Ich fahre seit Juni mit dem Rad zur Arbeit. Anfangs noch freiwillig, weil ich gerne im Sommer Fahrrad fahre. Damals, es scheint schon so lange her zu sein, fuhr die S-Bahn schneller als ich mit dem Rad fahren konnte. Es klingt drollig, aber es fuhren sogar alle paar Minuten Bahnen, und man musste sogar noch mit Geld bezahlen, denn damals gab es noch Fahrkartenkontrollen n den S-Bahnen. Die Kontrolleure konnten sogar noch durch die Wagen gehen und jeden Fahrschein kontrollieren!

Es gibt sogar noch ein paar Leute, die haben ihre Fahrkarten im voraus bezahlt. Manche für eine Woche, ein paar sogar für den ganzen Monat, und, halten Sie sich fest, einige sogar für ein ganzes Jahr! Als ob man schon ein ganzes Jahr im voraus wüsste, ob man mit der S-Bahn durch die Stadt kommt…Einige ganz Verwegene haben ihr Abonnement sogar bei der S-Bahn-Berlin abgeschlossen, ebenso wie man ja auch sein Geld an der Börse verlieren kann.

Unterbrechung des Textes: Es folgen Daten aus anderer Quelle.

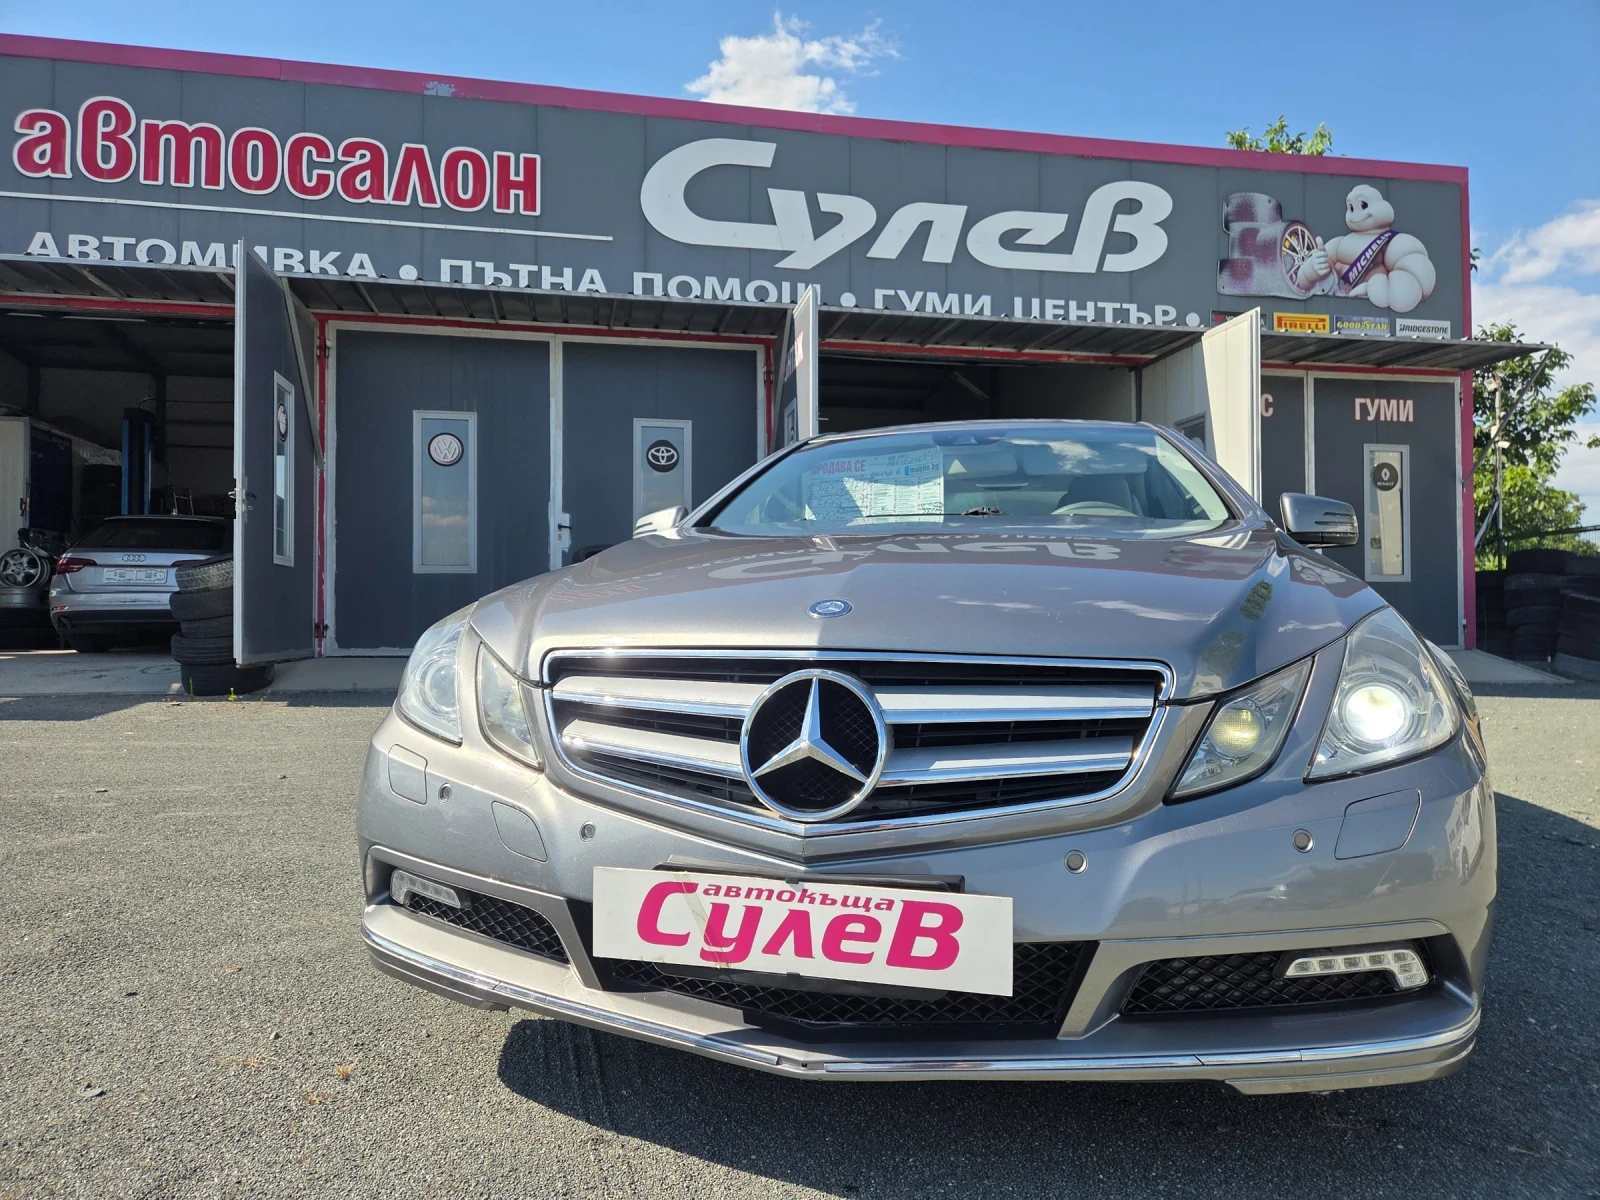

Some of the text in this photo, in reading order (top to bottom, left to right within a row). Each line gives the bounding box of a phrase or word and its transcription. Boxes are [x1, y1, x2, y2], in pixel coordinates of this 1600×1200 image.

Allerdings könnten nun all diese Leute ein wenig verschnupft reagieren, weil ja die S-Bahn nun nicht mehr so zuverlässig ist. Aber da sie ja von der S-Bahn gelernt haben, wie man Geld spart, könnten all diese wagemutigen Menschen ihr Abonnement bei der S-Bahn kündigen und, wenn sie meinen, weiterhin ein Abonnement zu benötigen, dieses bei einem anderen Verkehrsunternehmen (z.B. BVG) abschließen.

Laut Verkehrsverbund Berlin-Brandenburg würden sie damit keinen Cent sparen. Aber ihr Geld würde dann vollständig dem anderen Verkehrsunternehmen zufließen. Und die S-Bahn würde nur einen geringfügigen Ausgleich für die entgangenen Einnahmen erhalten. Was dann, geldtechnisch gesehen, ganz schön gemein von diesen Leuten wäre.